TEACH TO WORK: A VOCATIONAL EDUCATION IN BRAZIL

Authors

  • Meire Terezinha Müller

DOI:

https://doi.org/10.17648/educare.v10i19.11649

Keywords:

Educação profissional, Trabalho, Educação.

Abstract

Teaching people how to work is a practice inherent in human groups, transmitted from generation to generation, through observation and empiricism, from the earliest times. However, the existence of educational institutions, in the modern sense of the term, specific to the vocational education, is much more recent. This article aims, in a very synthetic way, to present and discuss some educational initiatives for this type of education.

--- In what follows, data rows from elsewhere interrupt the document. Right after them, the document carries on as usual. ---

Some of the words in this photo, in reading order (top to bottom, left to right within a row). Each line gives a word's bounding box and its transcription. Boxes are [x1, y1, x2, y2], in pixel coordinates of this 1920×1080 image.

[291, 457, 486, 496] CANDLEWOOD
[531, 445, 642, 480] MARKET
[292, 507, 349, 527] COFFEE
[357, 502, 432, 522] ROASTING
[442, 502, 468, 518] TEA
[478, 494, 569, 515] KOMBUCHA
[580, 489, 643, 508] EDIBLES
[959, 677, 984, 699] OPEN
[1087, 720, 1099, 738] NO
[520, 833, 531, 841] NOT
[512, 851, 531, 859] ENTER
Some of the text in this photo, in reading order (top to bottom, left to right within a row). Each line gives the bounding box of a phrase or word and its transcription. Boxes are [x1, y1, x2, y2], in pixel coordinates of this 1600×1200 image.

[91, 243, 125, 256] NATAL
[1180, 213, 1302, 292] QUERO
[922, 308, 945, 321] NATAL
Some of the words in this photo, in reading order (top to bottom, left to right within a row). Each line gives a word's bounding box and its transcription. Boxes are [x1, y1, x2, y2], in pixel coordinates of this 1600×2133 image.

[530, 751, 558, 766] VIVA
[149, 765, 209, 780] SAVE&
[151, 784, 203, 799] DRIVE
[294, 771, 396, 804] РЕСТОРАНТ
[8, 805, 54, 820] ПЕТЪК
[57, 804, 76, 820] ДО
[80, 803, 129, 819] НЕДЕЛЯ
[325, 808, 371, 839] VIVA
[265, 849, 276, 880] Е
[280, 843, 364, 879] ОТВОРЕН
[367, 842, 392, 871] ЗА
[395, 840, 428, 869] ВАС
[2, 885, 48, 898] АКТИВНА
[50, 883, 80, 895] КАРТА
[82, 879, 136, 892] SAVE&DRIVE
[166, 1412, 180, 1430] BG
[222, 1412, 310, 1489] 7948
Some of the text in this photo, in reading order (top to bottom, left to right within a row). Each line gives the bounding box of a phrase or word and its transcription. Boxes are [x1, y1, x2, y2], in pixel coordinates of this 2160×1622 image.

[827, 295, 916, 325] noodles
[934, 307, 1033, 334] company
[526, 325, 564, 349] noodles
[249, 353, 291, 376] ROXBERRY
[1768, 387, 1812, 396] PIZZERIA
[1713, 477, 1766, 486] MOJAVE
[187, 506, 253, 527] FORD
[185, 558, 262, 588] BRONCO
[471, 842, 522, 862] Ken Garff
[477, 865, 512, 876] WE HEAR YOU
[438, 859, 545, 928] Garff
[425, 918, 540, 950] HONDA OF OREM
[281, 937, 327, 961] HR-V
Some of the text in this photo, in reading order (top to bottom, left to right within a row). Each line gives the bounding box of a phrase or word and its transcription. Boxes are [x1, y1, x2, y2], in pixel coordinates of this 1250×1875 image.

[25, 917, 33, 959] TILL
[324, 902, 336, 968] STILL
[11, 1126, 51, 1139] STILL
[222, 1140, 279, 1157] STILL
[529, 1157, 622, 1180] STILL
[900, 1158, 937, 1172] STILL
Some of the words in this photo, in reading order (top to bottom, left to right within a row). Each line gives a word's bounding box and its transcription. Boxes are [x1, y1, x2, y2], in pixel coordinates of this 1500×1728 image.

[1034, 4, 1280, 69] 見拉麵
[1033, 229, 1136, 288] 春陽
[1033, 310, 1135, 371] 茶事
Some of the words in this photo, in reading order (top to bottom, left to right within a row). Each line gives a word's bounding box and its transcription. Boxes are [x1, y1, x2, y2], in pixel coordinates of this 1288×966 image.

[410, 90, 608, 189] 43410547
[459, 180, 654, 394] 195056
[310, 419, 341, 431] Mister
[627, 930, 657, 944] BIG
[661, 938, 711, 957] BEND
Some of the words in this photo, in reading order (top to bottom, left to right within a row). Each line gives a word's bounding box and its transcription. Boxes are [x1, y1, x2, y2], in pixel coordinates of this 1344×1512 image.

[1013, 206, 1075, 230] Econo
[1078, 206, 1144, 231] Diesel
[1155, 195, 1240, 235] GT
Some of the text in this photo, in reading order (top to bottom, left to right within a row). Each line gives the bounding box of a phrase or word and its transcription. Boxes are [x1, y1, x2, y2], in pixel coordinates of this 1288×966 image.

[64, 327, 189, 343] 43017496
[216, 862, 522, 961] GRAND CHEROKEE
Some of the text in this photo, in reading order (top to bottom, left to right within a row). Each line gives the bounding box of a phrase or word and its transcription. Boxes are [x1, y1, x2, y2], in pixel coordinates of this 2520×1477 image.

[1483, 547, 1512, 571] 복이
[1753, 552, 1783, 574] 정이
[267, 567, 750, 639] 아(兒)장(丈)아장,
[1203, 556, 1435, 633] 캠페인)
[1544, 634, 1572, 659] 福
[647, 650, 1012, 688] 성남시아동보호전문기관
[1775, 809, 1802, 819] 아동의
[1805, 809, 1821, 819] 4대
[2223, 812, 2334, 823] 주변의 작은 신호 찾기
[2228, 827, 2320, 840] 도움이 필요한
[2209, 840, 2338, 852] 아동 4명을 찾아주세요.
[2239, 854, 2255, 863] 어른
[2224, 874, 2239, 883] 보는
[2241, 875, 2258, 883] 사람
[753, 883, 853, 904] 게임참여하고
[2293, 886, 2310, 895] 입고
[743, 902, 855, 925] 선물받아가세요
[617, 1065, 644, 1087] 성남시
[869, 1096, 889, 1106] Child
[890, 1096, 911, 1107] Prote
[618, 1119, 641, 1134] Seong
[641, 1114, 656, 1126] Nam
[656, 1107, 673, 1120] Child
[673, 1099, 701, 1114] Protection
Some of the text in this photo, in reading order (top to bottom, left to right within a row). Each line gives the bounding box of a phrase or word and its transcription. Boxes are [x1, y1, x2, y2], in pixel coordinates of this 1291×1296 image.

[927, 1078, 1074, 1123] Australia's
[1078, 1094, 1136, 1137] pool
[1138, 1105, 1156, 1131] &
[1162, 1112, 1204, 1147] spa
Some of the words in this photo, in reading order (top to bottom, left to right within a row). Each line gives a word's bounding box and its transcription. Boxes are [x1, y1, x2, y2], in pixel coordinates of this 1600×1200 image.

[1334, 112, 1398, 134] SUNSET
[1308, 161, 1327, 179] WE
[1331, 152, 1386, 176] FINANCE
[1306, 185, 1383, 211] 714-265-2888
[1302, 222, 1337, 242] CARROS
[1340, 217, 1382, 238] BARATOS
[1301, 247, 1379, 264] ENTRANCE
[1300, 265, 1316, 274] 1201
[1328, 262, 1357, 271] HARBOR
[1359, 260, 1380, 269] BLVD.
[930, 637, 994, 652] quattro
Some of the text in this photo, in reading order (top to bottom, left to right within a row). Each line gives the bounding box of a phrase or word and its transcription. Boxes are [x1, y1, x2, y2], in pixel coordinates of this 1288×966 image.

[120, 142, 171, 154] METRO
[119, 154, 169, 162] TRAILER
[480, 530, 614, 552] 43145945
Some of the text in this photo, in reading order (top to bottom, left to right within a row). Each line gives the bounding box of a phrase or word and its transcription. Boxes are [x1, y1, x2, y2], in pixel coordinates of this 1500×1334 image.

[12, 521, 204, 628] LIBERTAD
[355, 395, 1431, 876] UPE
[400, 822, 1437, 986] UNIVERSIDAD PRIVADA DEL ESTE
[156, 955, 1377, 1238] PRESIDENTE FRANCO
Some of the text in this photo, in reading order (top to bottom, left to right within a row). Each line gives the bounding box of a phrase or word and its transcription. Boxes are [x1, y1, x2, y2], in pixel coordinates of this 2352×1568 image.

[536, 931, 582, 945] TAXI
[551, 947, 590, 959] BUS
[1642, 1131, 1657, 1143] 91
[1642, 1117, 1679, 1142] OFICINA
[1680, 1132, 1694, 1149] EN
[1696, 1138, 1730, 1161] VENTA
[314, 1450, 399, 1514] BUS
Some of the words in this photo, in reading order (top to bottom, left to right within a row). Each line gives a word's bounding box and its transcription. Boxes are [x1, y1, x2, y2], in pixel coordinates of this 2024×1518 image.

We begin our analysis even in the colonial period and Jesuit education, when teaching the young people to work was a prerogative inherent to the survival and maintenance of Jesuit Colleges. Next, we discuss the main aspects of the Craft Guilds, their organization as masters, journeymen and apprentices, formal aspects and the principles adopted for including as a membership and permanence. Following our route along the historical process, we pay attention at the “College of the Factories”, which actually was a series of schools established by King John VI when he arrived in Brazil with the royal family. In the first decades of the twentieth century, the focus turns to the “Apprentice Craftsmen Schools created by Nilo Peçanha; then, we finalize with the creation and installation of SENAI schools in the 1940s, and the total change experienced by Vocational Education in the country after that implementation.

Published

31-03-2015

How to Cite

MÜLLER, M. T. TEACH TO WORK: A VOCATIONAL EDUCATION IN BRAZIL. Educere et Educare, [S. l.], v. 10, n. 19, 2015. DOI: 10.17648/educare.v10i19.11649. Disponível em: https://saber.unioeste.br/index.php/educereeteducare/article/view/11649. Acesso em: 17 jul. 2024.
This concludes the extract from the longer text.